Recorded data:
######

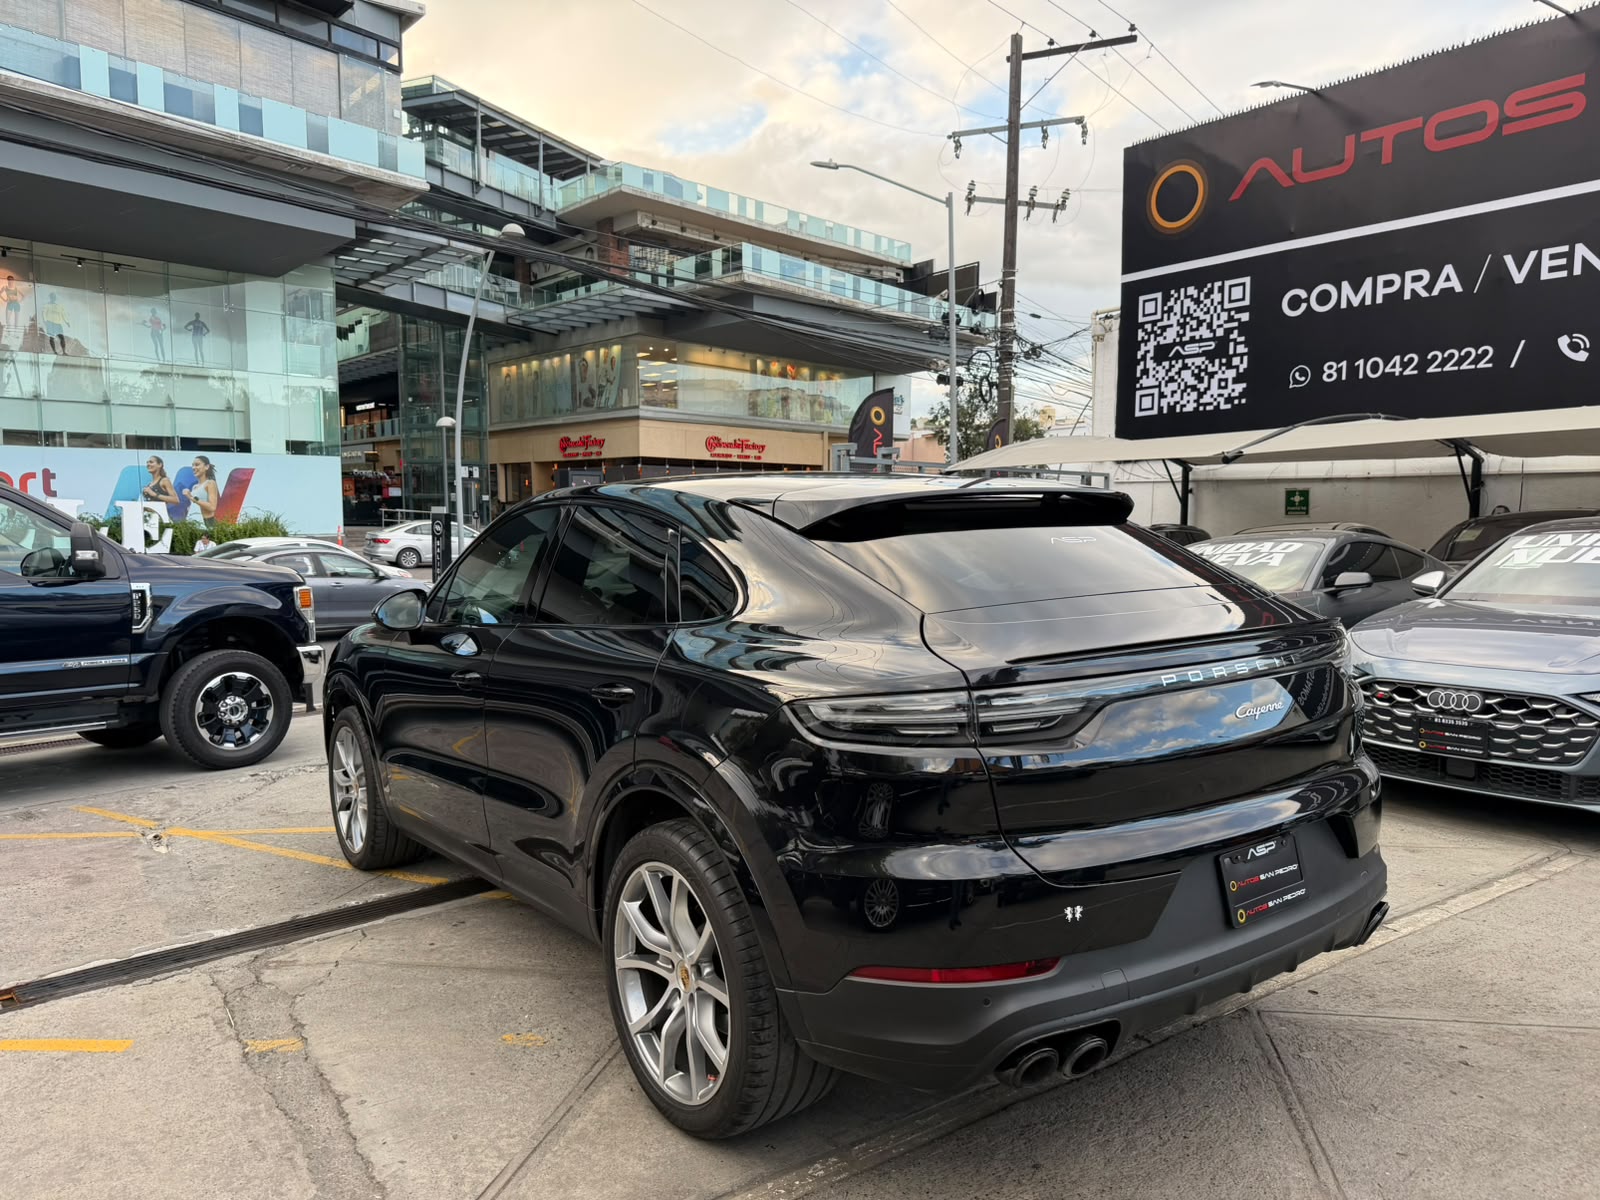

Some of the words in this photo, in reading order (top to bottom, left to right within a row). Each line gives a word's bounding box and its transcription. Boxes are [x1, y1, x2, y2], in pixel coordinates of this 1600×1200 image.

[1228, 72, 1587, 201] AUTOS
[1280, 264, 1463, 318] COMPRA
[1168, 341, 1216, 357] ASP
[1322, 360, 1347, 383] 81
[1354, 353, 1419, 379] 1042
[1426, 345, 1494, 373] 2222
[1235, 700, 1285, 721] Cayenne
[1247, 841, 1276, 860] ASP
[1237, 876, 1261, 888] AUTOS
[1260, 871, 1275, 881] SAN
[1275, 864, 1299, 876] PEDRO
[1246, 903, 1269, 916] AUTOS
[1268, 897, 1283, 908] SAN
[1283, 888, 1306, 902] PEDRO
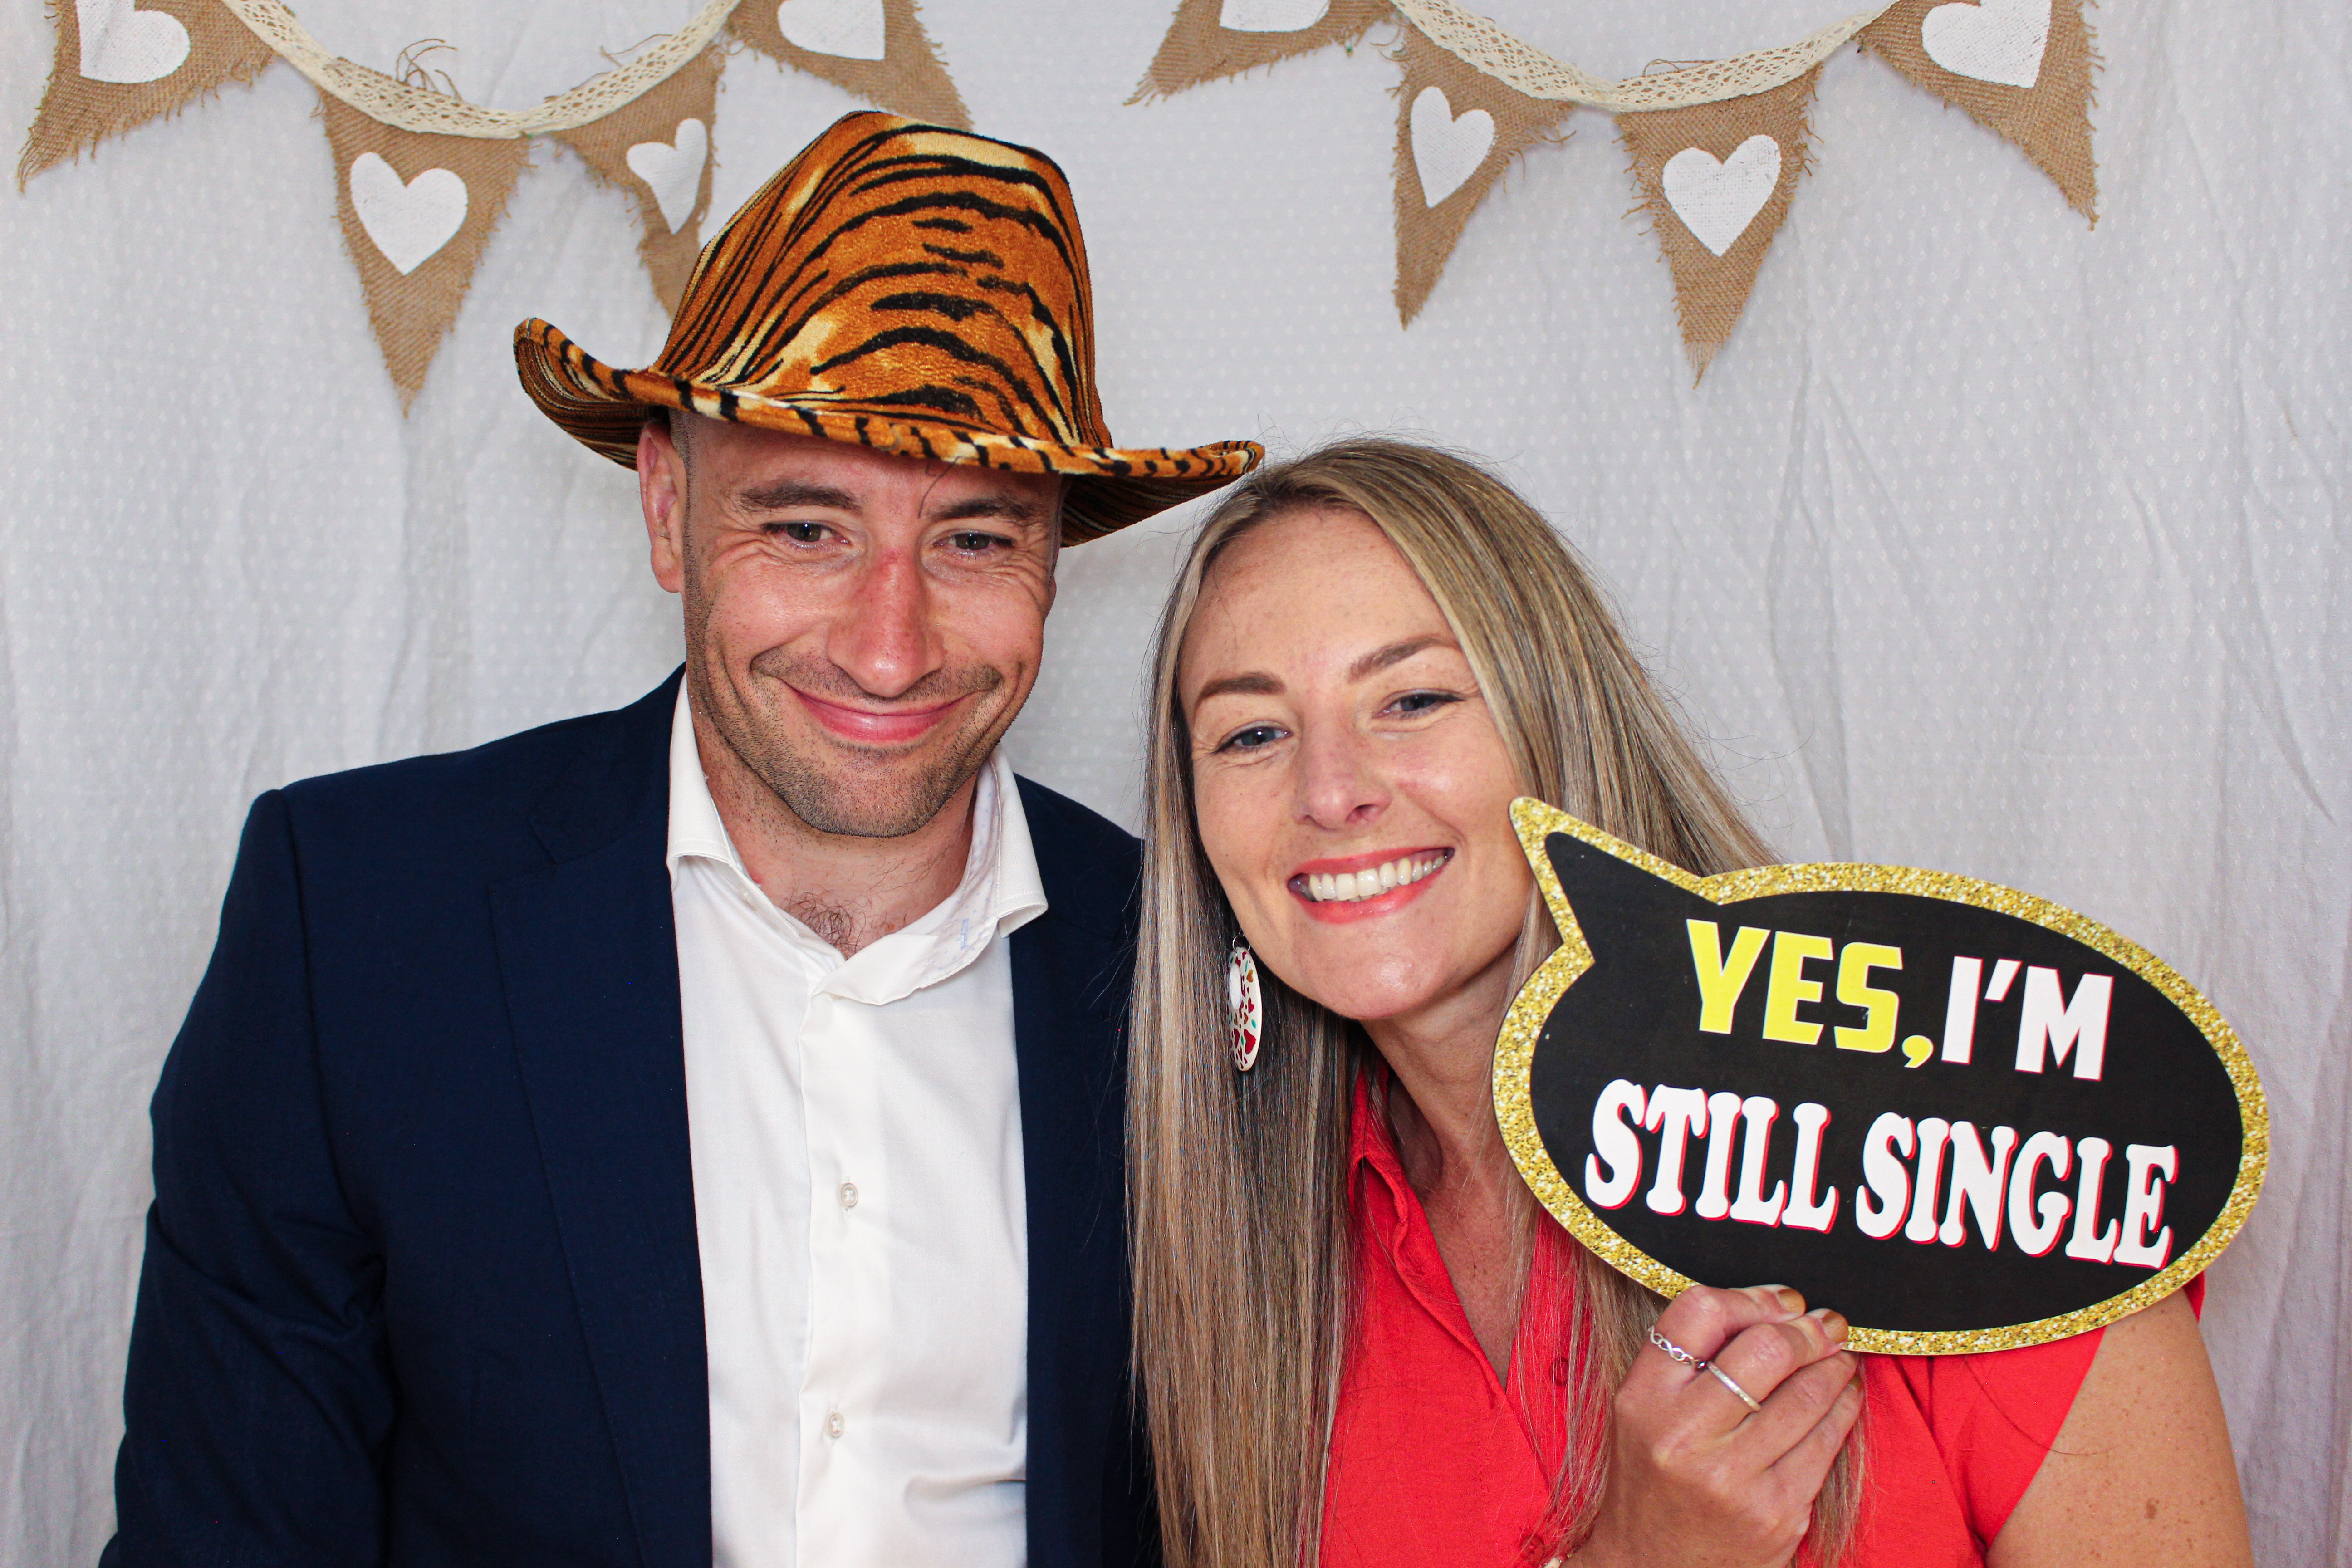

######

Skipping any pictures, copy the entries exactly as they appear.

Some of the words in this photo, in reading order (top to bottom, left to right within a row). Each line gives a word's bounding box and its transcription. Boxes are [x1, y1, x2, y2], in pixel coordinates of this 1600×1200 image.

[1228, 72, 1587, 201] AUTOS
[1280, 264, 1463, 318] COMPRA
[1168, 341, 1216, 357] ASP
[1322, 360, 1347, 383] 81
[1354, 353, 1419, 379] 1042
[1426, 345, 1494, 373] 2222
[1235, 700, 1285, 721] Cayenne
[1247, 841, 1276, 860] ASP
[1237, 876, 1261, 888] AUTOS
[1260, 871, 1275, 881] SAN
[1275, 864, 1299, 876] PEDRO
[1246, 903, 1269, 916] AUTOS
[1268, 897, 1283, 908] SAN
[1283, 888, 1306, 902] PEDRO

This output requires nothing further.